Even after it became clear who the real culprit was, news outlets and people on social media continued criticizing Microsoft. But was any of this criticism well-founded? Let’s see.

Many people said that Microsoft should have never allowed third-party software to run at the kernel level, i.e. deep inside its operating system. However, while it’s true that no software should run at the kernel level without a good reason, this particular software had a good reason to do it. Anti-malware software has to run at the kernel level because this is what malware tries to do. So this criticism is unfounded.

Other people said that Microsoft shouldn’t have chosen CrowdStrike as a vendor. Well, it wasn’t Microsoft that chose it as a vendor. It was the corporate Microsoft customers who did. Besides, the reason CrowdStrike was allowed to publish installers for Windows was that the company had a very good track record before the incident. So there wasn’t any reason to believe that CrowdStrike is in any way untrustworthy.

Couldn’t have Microsoft done more to prevent this kind of incident from happening? Maybe. But Microsoft has already done quite a lot in terms of due diligence. So, this is a prime example of how, even if you do things right, an action made by a third party can affect your reputation.

2. Being big and powerful is both an asset and a liability

Having a large market share is nice. It ensures an unending stream of revenue. However, as this incident demonstrated, it doesn’t come without its tradeoffs.

Both Microsoft and CrowdStrike were forced by the incident to pull people off various projects to help the affected customers. Therefore, while both these companies are big and powerful, they were forced to deal with the fallout of the incident.

The fallout was huge, as over 8.5 million devices were affected. To add to the headache, every one of these devices needed to be fixed manually. It wasn’t necessarily either of these companies that was fixing it, but both still needed to provide the necessary tech support for the users to do it.

As the famous movie quote says, with great power comes great responsibility.

3. Even if you are big and powerful, a small mistake can ruin you

It became apparent that the cause of the incident was a small bug in the software that perhaps spanned no more than a few lines of code. To be more precise, it was the so-called null pointer exception. In a nutshell, this is where the code points to an invalid memory address. Since there’s nothing at that address, any subsequent action will result in a software crash.

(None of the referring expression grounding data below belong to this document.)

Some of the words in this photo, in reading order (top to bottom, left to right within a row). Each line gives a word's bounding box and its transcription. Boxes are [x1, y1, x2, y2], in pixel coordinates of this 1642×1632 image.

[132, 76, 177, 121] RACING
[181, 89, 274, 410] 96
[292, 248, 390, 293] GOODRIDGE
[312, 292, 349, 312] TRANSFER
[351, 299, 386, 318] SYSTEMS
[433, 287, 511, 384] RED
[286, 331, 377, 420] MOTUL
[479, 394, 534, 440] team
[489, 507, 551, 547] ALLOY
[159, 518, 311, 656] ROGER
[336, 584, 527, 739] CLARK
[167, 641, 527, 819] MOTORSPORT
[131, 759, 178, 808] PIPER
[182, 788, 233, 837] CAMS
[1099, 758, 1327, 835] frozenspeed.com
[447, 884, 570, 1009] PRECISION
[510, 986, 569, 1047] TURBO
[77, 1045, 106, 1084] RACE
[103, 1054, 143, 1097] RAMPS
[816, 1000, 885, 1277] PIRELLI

In terms of the lines of code, it was probably just a small mistake. Maybe a missing line. Maybe a typo. But in terms of the consequences, it was huge, especially for the company involved.

At the time of writing, the price of CrowdStrike shares dropped by almost 20% and didn’t recover. For a company worth $80 billion, this represents billions being wiped off its value.

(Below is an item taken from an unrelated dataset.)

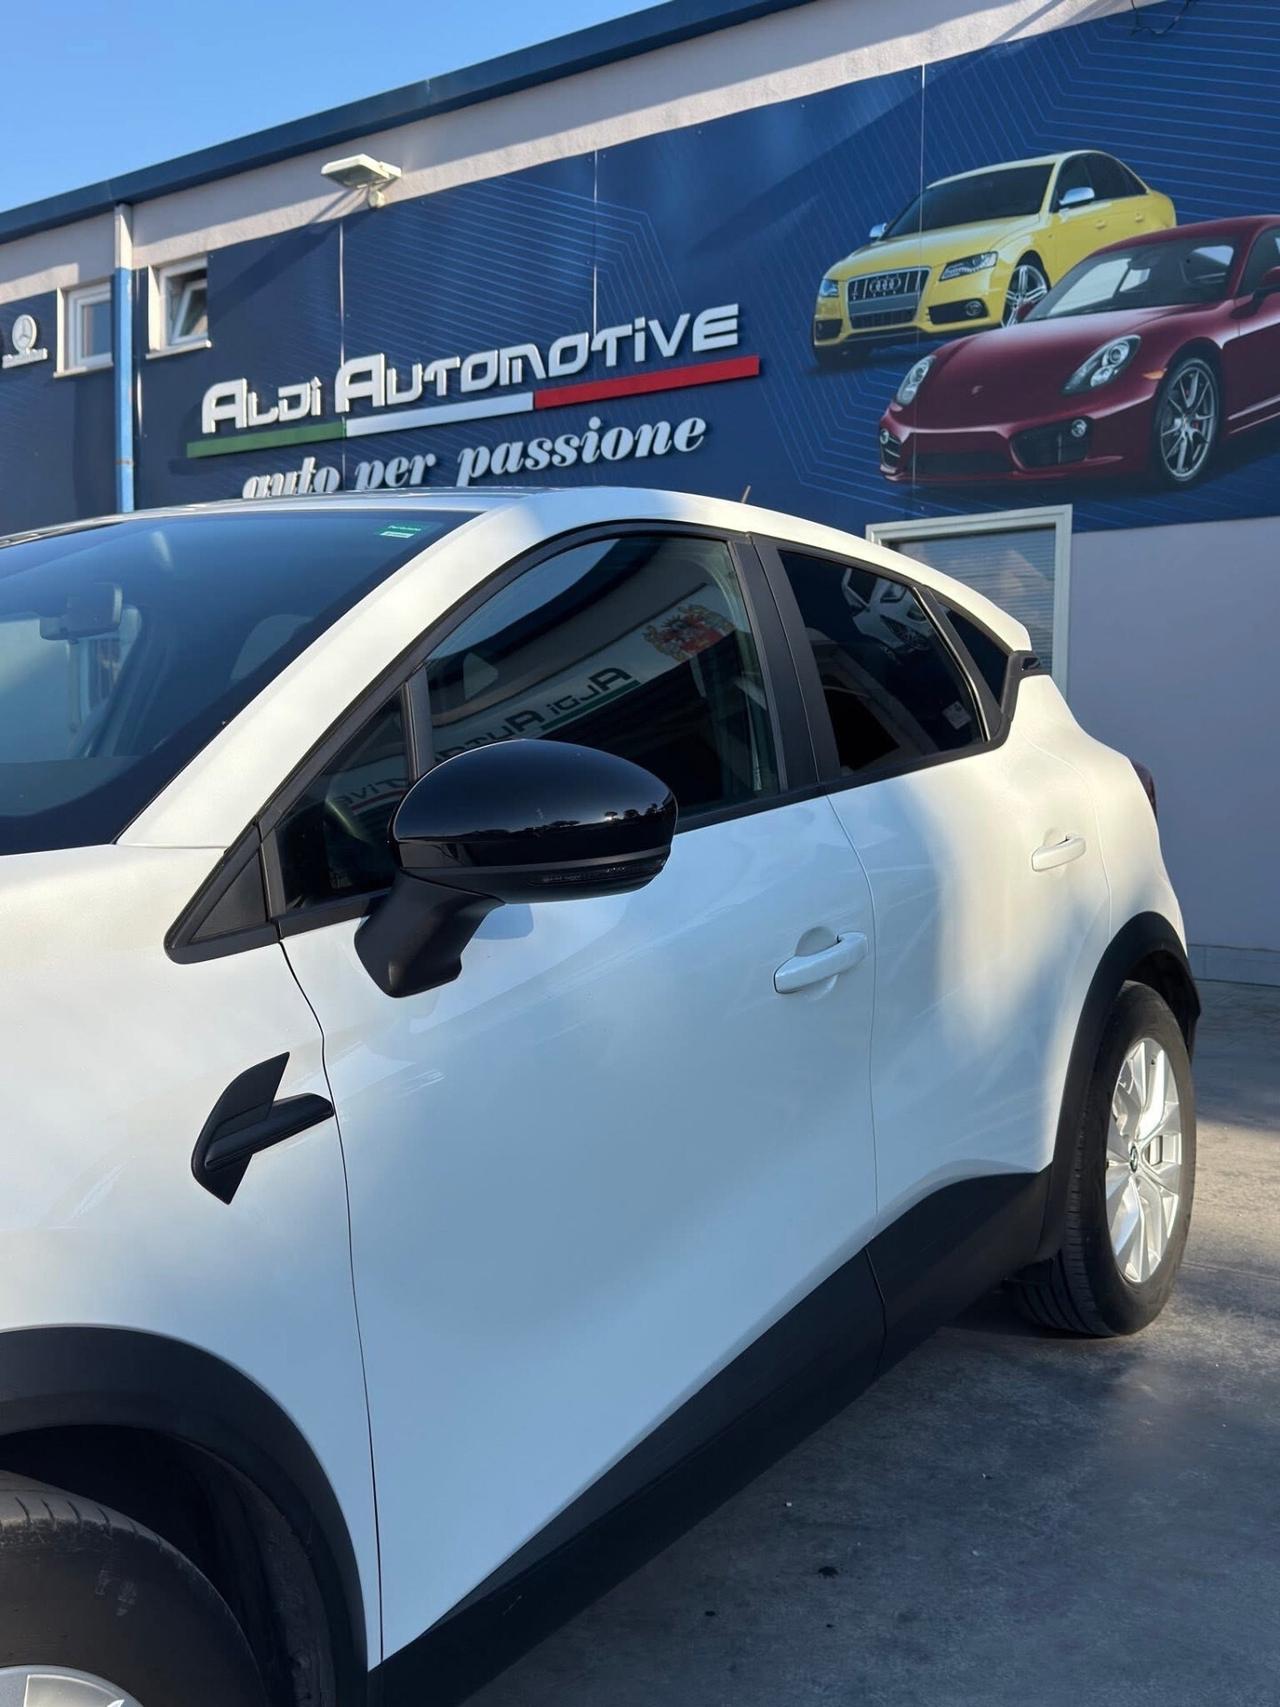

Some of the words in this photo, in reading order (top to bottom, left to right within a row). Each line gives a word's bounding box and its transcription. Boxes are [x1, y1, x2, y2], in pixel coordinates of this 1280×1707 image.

[242, 456, 341, 498] auto
[355, 453, 437, 490] per
[456, 417, 706, 487] passione

But this is not where the consequences for CrowdStrike stop. Once the dust settles, there will be legal actions by the affected organizations, of which there are many. CrowdStrike may or may not survive this.

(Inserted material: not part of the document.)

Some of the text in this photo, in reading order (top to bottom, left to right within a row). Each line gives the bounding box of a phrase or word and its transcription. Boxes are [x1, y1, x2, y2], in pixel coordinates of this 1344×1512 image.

This proves that, no matter how big you are, something seemingly small can be the source of your downfall.

4. Proper tests are a necessity and not a luxury

There are many speculations as to what exactly CrowdStrike did wrong to have caused this incident, but one thing is absolutely certain. The software wasn’t sufficiently tested before it was released.

This is a common problem in IT. Most of the time, it doesn’t cause incidents of this magnitude, but it’s a problem nonetheless. Way too many engineering managers and executives believe that automation testing is an unnecessary luxury that only slows the development process down. But every good software engineer knows that automation testing with proper test coverage is a necessity and not a luxury.

Yes, engineers argue about the specific approaches. For example, some like test-driven development while others hate it. However, any good engineer who has been in the industry long enough will agree that the software needs to be tested properly before it comes out.

Software of sufficient complexity cannot be tested properly unless an automation testing pipeline is in place. Yes, any individual new features and recent bug fixes can be tested manually. But only existing automated tests can guarantee that the new changes haven’t broken any existing functionality.

If such a serious bug in CrowdStrike software could come through, we can only conclude that the software wasn’t tested thoroughly enough and definitely didn’t have sufficient automated test coverage.

The next lesson will probably be controversial and will almost certainly ruffle some feathers. But before I tell you what it is, I wanted to shout out to my affiliate partner, an online learning platform called Educative.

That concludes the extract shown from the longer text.